WHAT THIS TASK INVOLVES => Everything in the listing below from the line containing "this 1920×1080 image." through the line containing "this 1288×966 image." must be repeated exactly; the remaining lines are not wanted.

SUPPLIED RECORDS =>
--

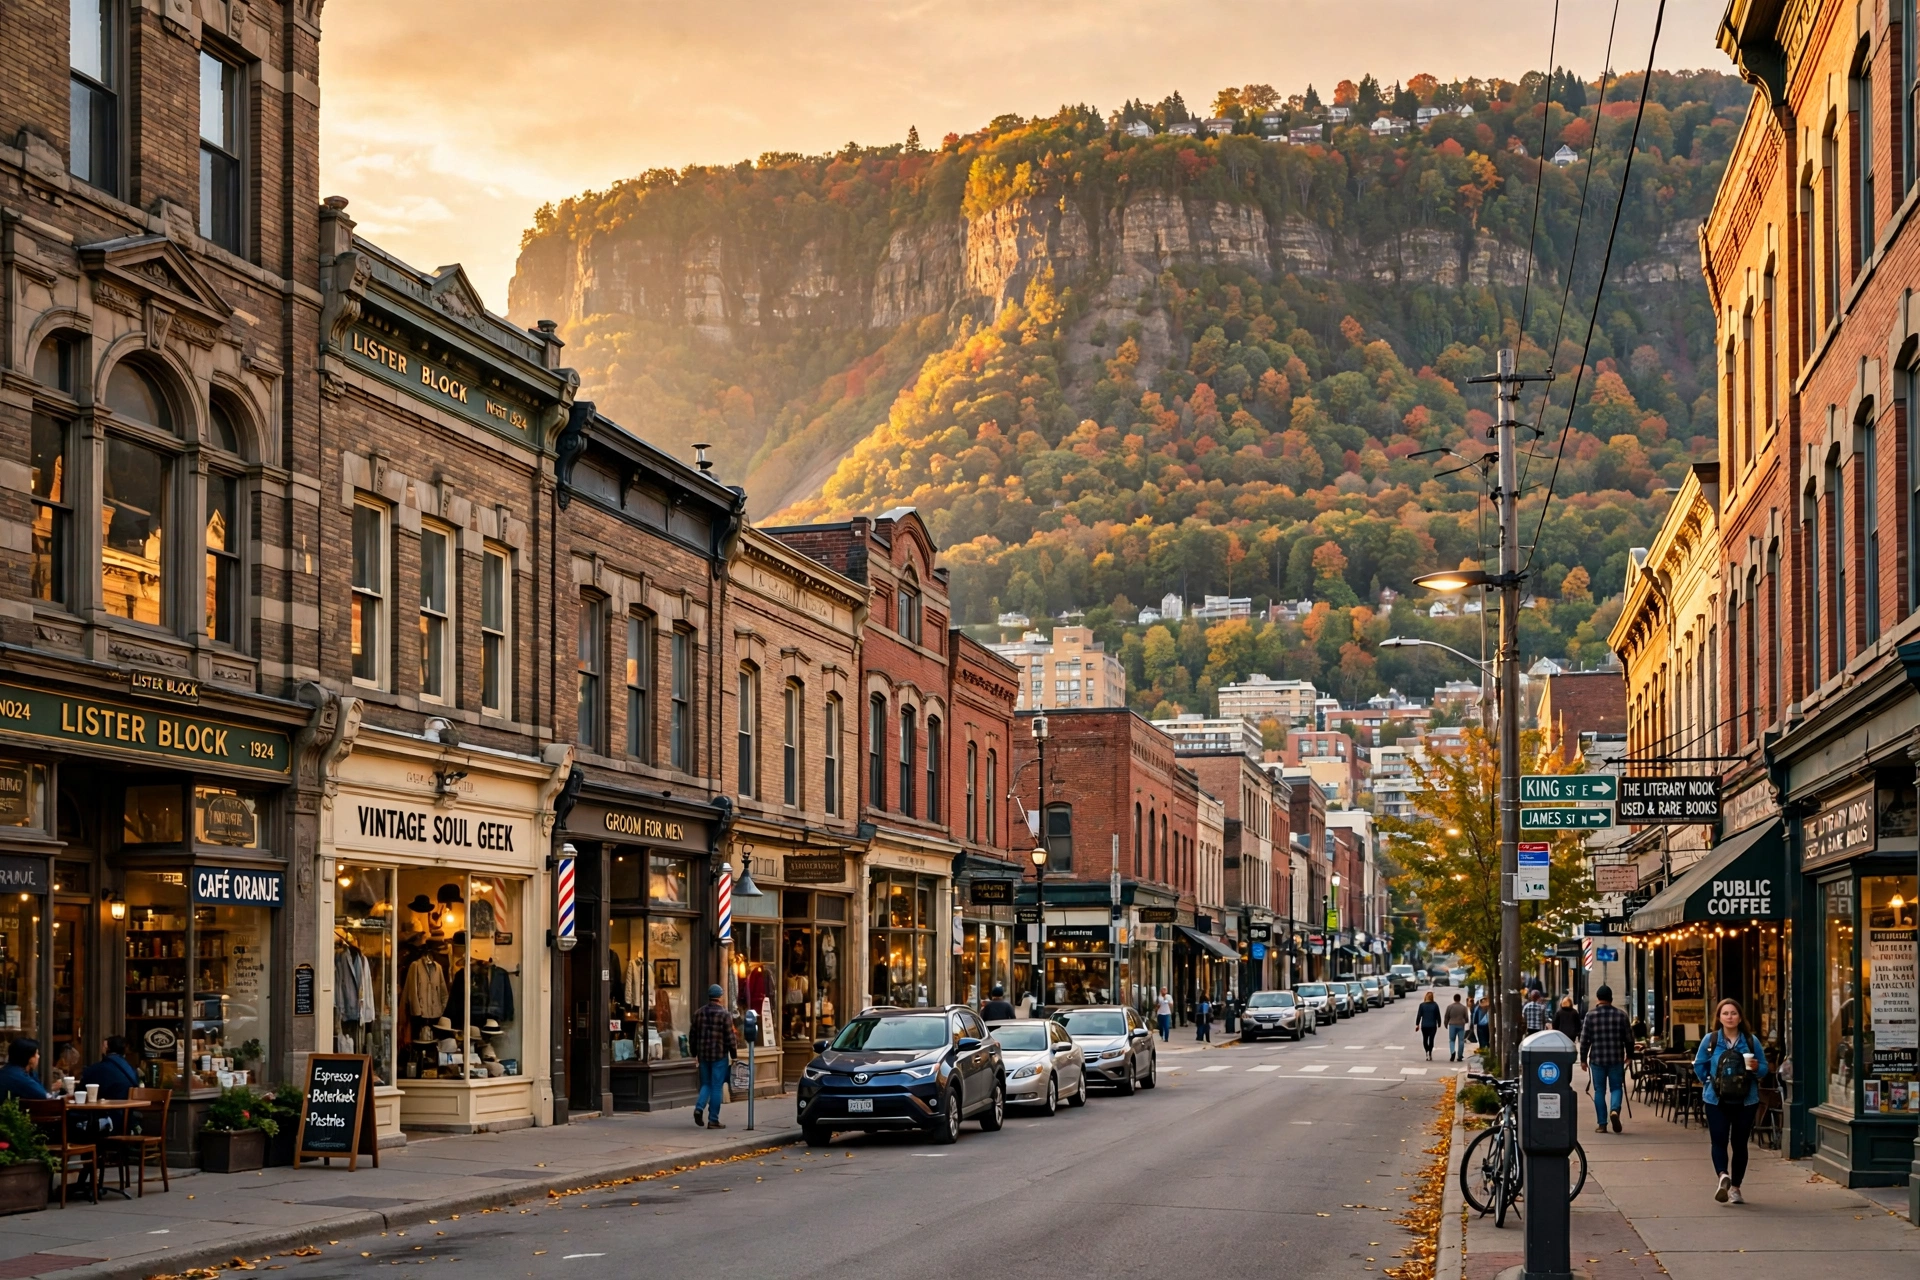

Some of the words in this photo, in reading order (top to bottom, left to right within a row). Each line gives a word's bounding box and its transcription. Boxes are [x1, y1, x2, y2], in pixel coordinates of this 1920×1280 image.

--

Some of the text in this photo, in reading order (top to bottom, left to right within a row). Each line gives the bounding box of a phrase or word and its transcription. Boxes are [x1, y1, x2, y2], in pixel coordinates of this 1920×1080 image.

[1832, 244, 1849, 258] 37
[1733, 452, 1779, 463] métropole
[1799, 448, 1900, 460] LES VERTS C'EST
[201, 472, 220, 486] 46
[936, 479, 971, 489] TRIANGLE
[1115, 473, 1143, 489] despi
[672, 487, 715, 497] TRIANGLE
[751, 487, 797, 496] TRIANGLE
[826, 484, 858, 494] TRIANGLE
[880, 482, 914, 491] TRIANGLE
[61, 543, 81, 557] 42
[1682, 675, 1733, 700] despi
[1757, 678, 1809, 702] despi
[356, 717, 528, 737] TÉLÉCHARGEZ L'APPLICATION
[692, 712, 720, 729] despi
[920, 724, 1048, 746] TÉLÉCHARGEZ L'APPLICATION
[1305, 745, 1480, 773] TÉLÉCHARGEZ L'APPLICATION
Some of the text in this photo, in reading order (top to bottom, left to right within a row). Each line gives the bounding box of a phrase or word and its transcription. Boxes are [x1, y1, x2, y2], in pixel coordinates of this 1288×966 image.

--

RESPONSE =>
Some of the text in this photo, in reading order (top to bottom, left to right within a row). Each line gives the bounding box of a phrase or word and its transcription. Boxes are [x1, y1, x2, y2], in pixel coordinates of this 1920×1080 image.

[1832, 244, 1849, 258] 37
[1733, 452, 1779, 463] métropole
[1799, 448, 1900, 460] LES VERTS C'EST
[201, 472, 220, 486] 46
[936, 479, 971, 489] TRIANGLE
[1115, 473, 1143, 489] despi
[672, 487, 715, 497] TRIANGLE
[751, 487, 797, 496] TRIANGLE
[826, 484, 858, 494] TRIANGLE
[880, 482, 914, 491] TRIANGLE
[61, 543, 81, 557] 42
[1682, 675, 1733, 700] despi
[1757, 678, 1809, 702] despi
[356, 717, 528, 737] TÉLÉCHARGEZ L'APPLICATION
[692, 712, 720, 729] despi
[920, 724, 1048, 746] TÉLÉCHARGEZ L'APPLICATION
[1305, 745, 1480, 773] TÉLÉCHARGEZ L'APPLICATION
Some of the text in this photo, in reading order (top to bottom, left to right within a row). Each line gives the bounding box of a phrase or word and its transcription. Boxes are [x1, y1, x2, y2], in pixel coordinates of this 1288×966 image.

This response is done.